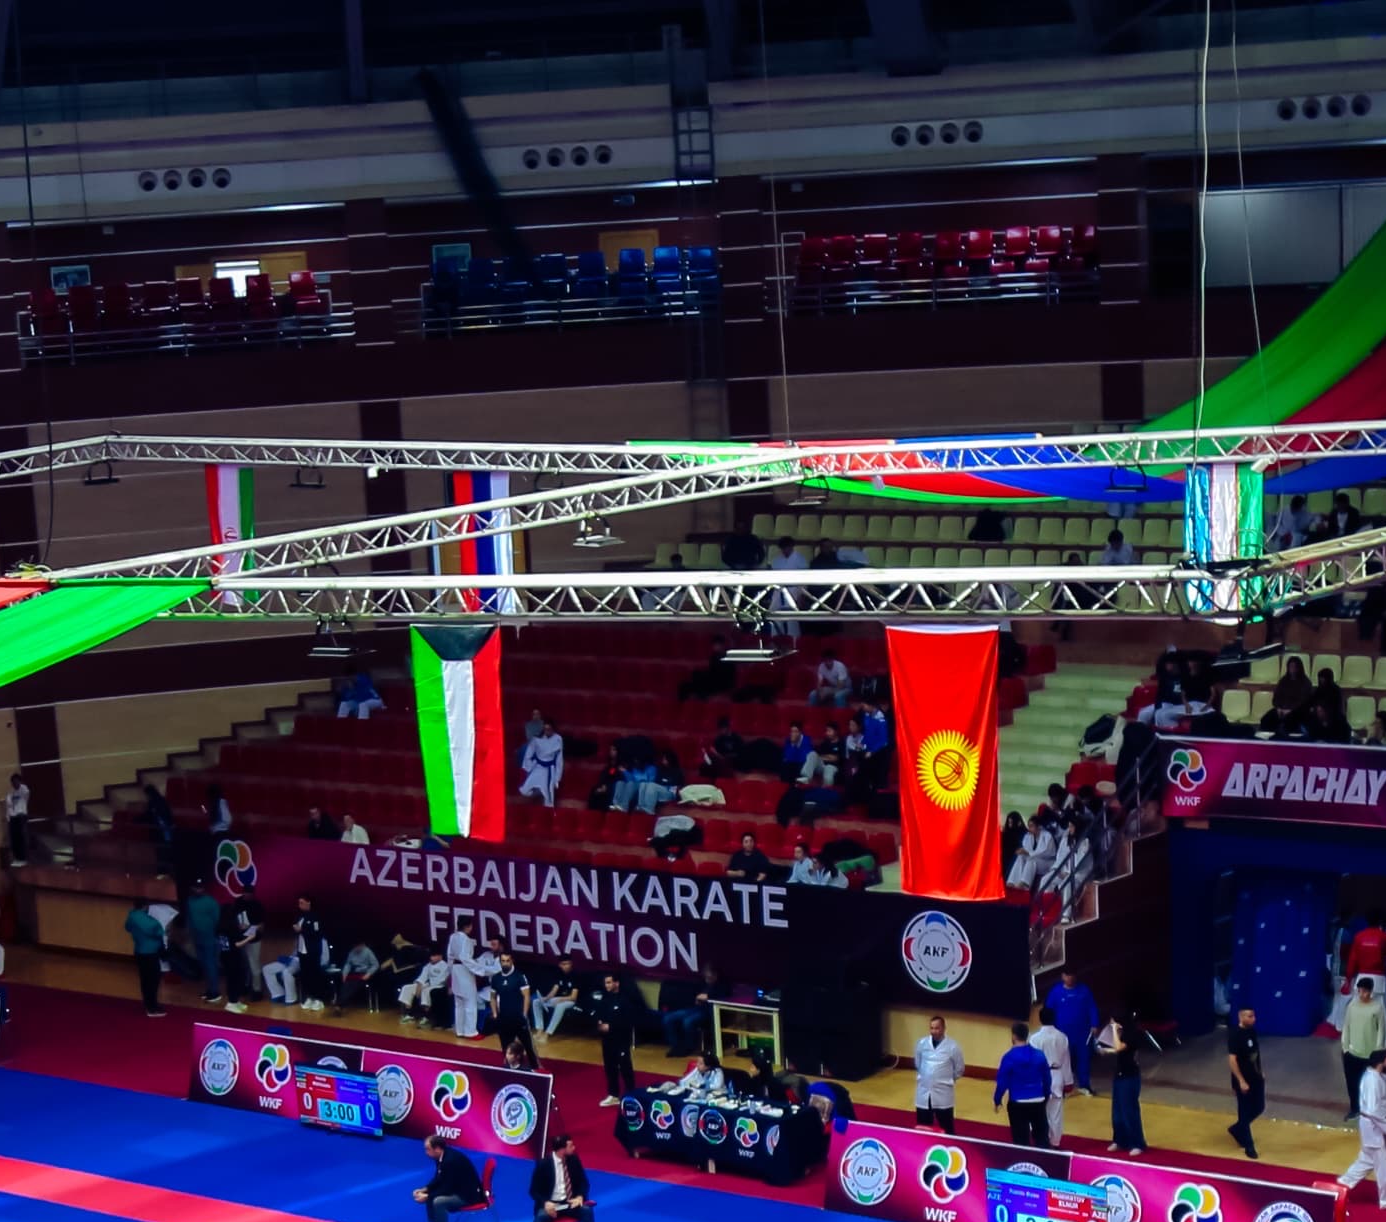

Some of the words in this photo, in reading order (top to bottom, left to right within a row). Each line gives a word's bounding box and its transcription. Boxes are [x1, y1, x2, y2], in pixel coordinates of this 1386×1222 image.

[1174, 795, 1202, 807] WKF
[349, 847, 600, 908] AZERBAIJAN
[610, 871, 790, 929] KARATE
[923, 945, 949, 957] AKF
[259, 1095, 283, 1110] WKF
[303, 1092, 312, 1109] 0
[324, 1101, 355, 1121] 3:00
[365, 1102, 375, 1121] 0
[435, 1125, 462, 1139] WKF
[856, 1165, 879, 1177] AKF
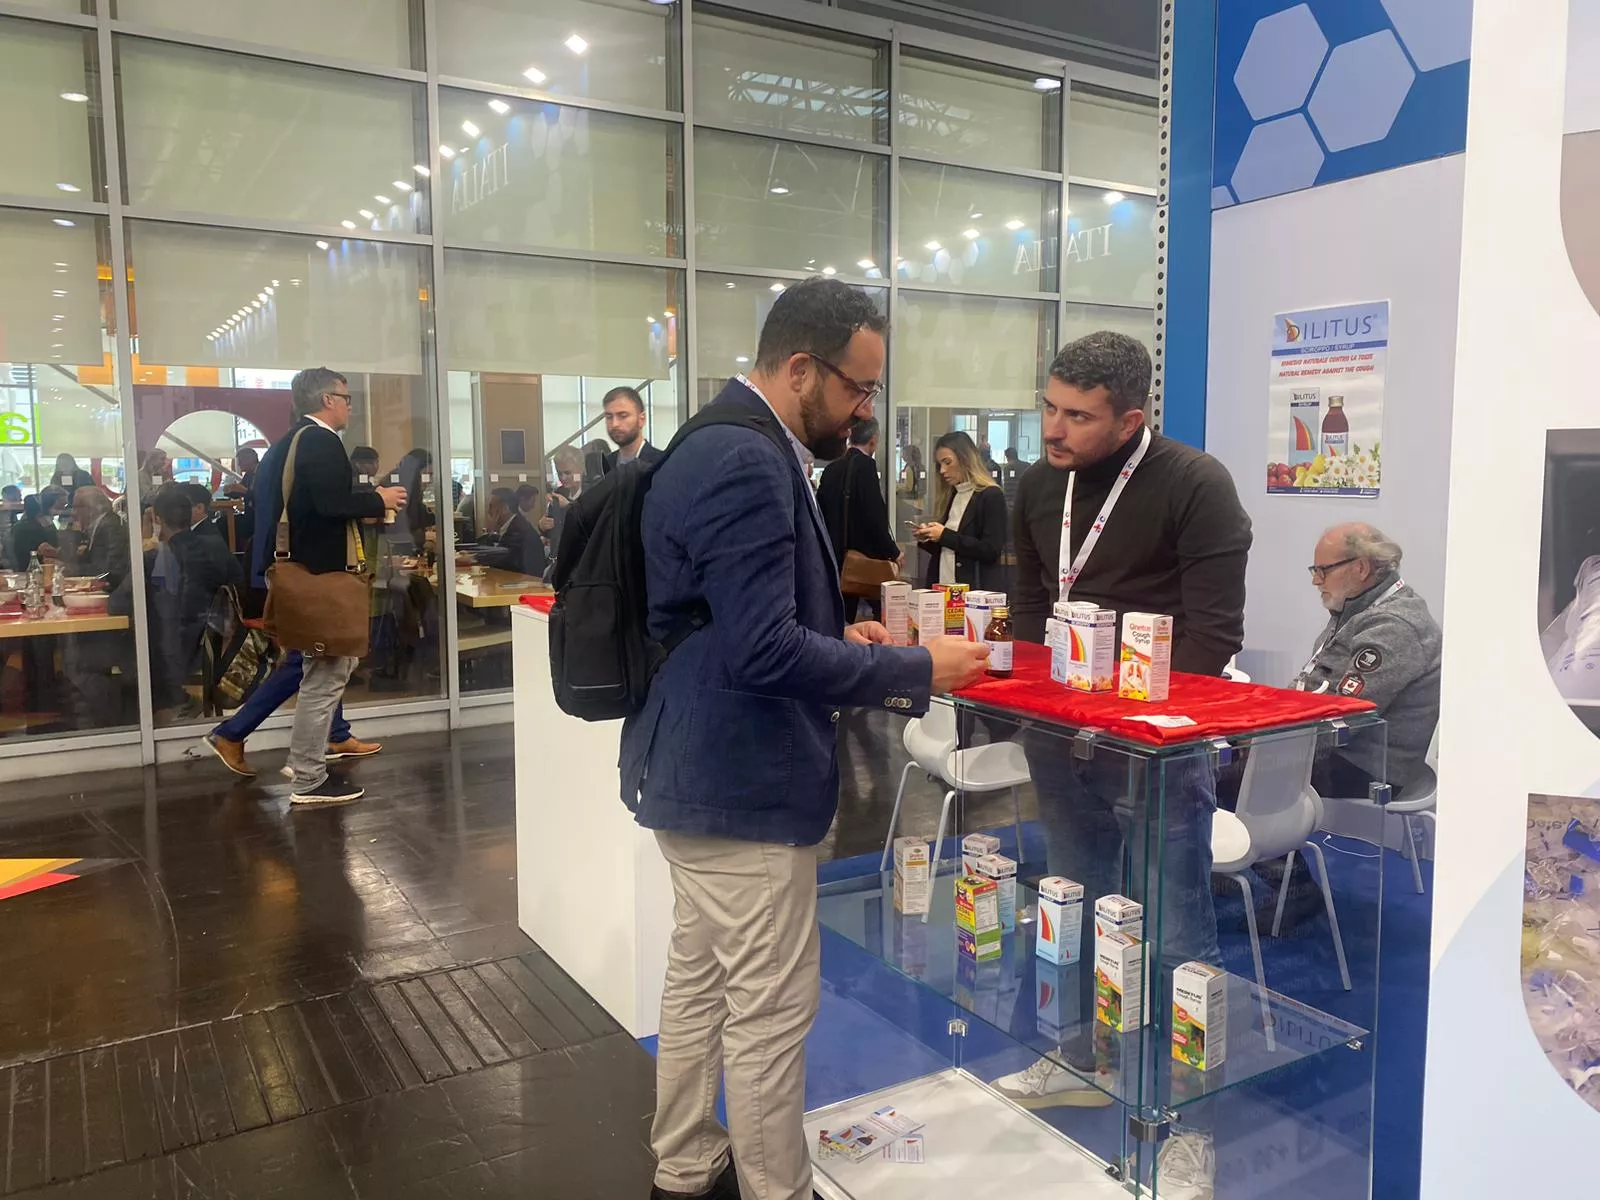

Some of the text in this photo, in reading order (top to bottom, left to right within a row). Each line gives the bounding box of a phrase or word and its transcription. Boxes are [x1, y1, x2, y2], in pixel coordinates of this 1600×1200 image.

[1284, 315, 1372, 343] DILITUS
[1132, 631, 1151, 639] Cough
[1135, 637, 1151, 645] Syrup
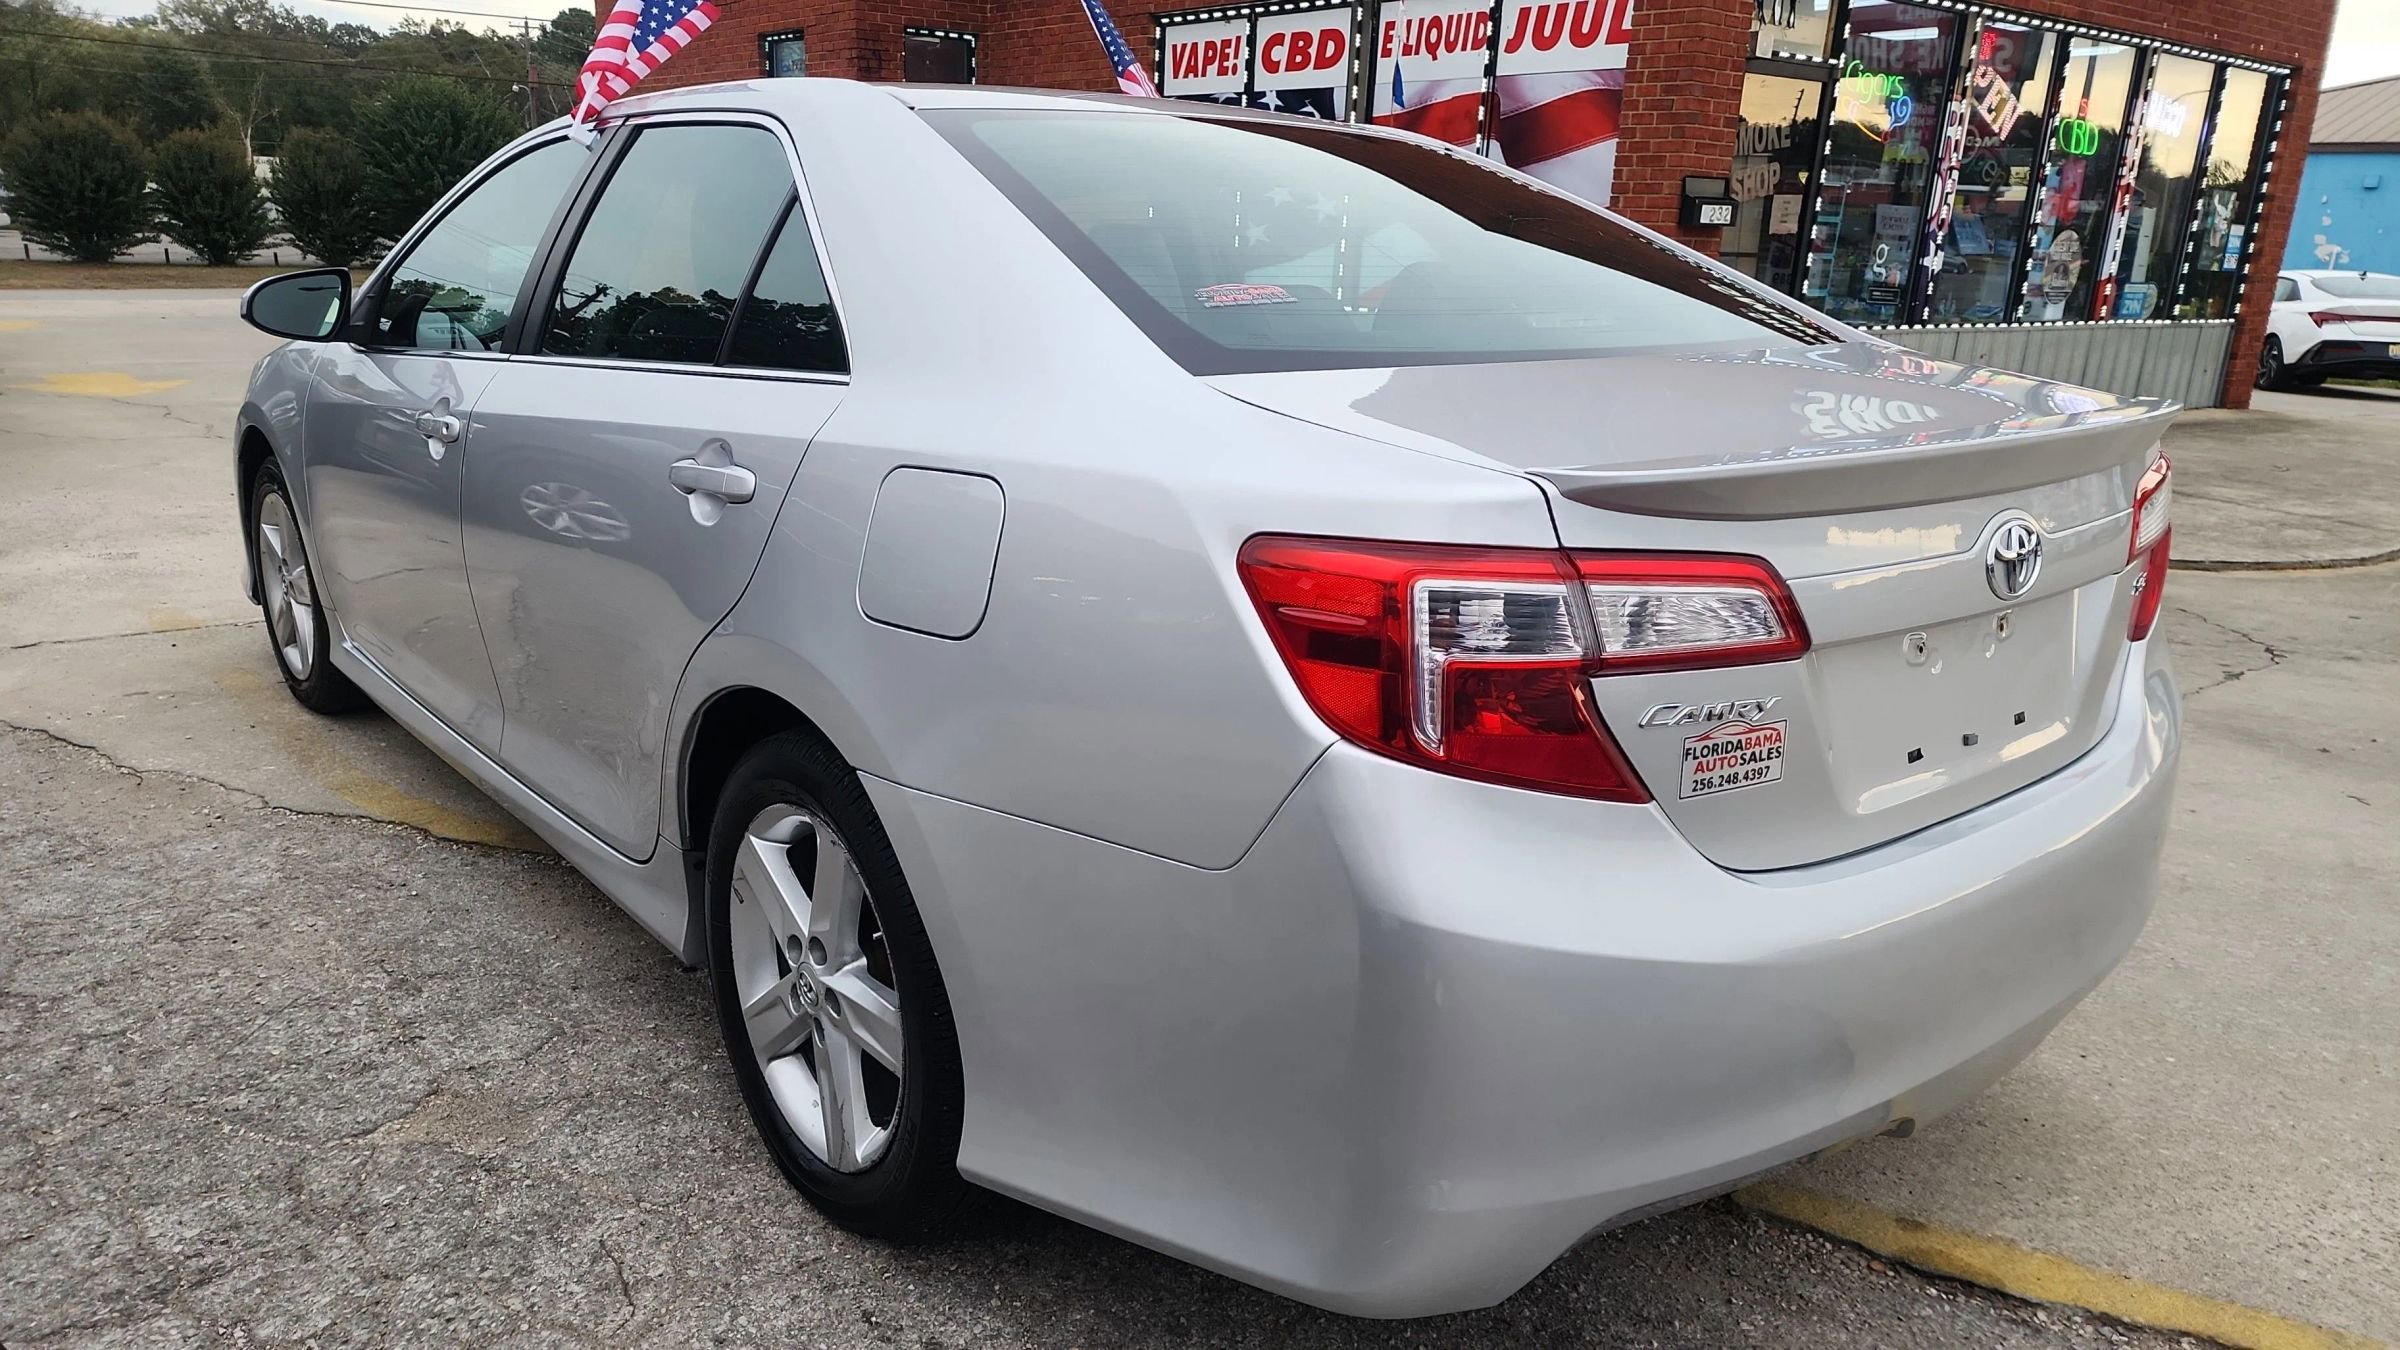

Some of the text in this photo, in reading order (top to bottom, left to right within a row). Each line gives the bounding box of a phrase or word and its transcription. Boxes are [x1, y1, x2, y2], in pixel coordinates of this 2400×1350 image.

[1261, 28, 1346, 74] CBD
[1380, 11, 1489, 61] E LIQUID
[1171, 36, 1242, 79] VAPE!
[1845, 60, 1905, 104] Cigars
[1735, 123, 1792, 157] MOKE
[2059, 118, 2098, 155] CBD
[1731, 161, 1781, 202] SHOP
[1709, 206, 1731, 223] 232
[1639, 695, 1783, 728] CAMRY
[1684, 731, 1783, 762] FLORIDABAMA
[1693, 745, 1782, 776] AUTOSALES
[1691, 765, 1771, 792] 256.248.4397
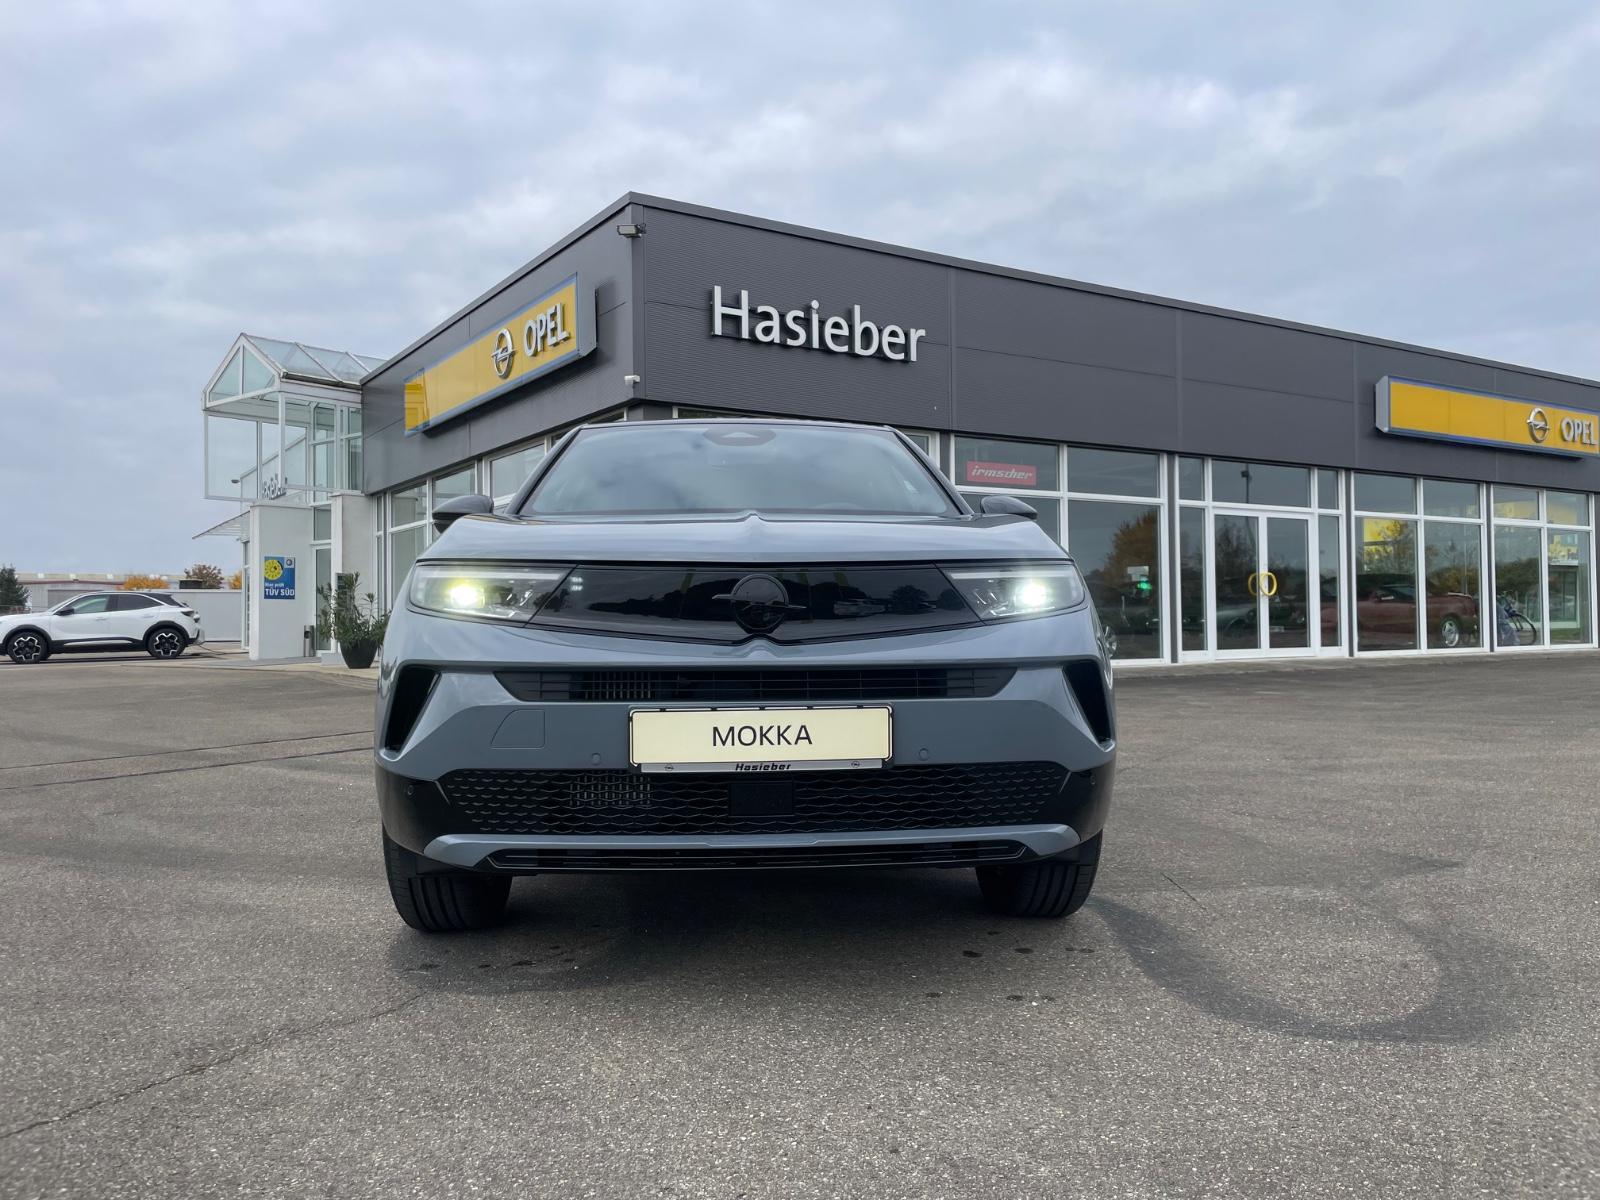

________________________________________

> [WHAT YOU HAVE TO DO] Keep each line of the records exactly as it is while transcribing them, but leave the images behind.

> [ANSWER BOX]
Some of the words in this photo, in reading order (top to bottom, left to right within a row). Each line gives a word's bounding box and its transcription. Boxes are [x1, y1, x2, y2], in pixel coordinates of this 1386×1222 image.

[1174, 795, 1202, 807] WKF
[349, 847, 600, 908] AZERBAIJAN
[610, 871, 790, 929] KARATE
[923, 945, 949, 957] AKF
[259, 1095, 283, 1110] WKF
[303, 1092, 312, 1109] 0
[324, 1101, 355, 1121] 3:00
[365, 1102, 375, 1121] 0
[435, 1125, 462, 1139] WKF
[856, 1165, 879, 1177] AKF

Some of the text in this photo, in reading order (top to bottom, left to right within a row). Each line gives the bounding box of a phrase or word and its transcription. Boxes are [x1, y1, x2, y2], in pixel coordinates of this 1600×1200 image.

[1284, 315, 1372, 343] DILITUS
[1132, 631, 1151, 639] Cough
[1135, 637, 1151, 645] Syrup

Some of the text in this photo, in reading order (top to bottom, left to right within a row). Each line gives the bounding box of a phrase or word and its transcription. Boxes are [x1, y1, x2, y2], in pixel coordinates of this 2400×1350 image.

[1261, 28, 1346, 74] CBD
[1380, 11, 1489, 61] E LIQUID
[1171, 36, 1242, 79] VAPE!
[1845, 60, 1905, 104] Cigars
[1735, 123, 1792, 157] MOKE
[2059, 118, 2098, 155] CBD
[1731, 161, 1781, 202] SHOP
[1709, 206, 1731, 223] 232
[1639, 695, 1783, 728] CAMRY
[1684, 731, 1783, 762] FLORIDABAMA
[1693, 745, 1782, 776] AUTOSALES
[1691, 765, 1771, 792] 256.248.4397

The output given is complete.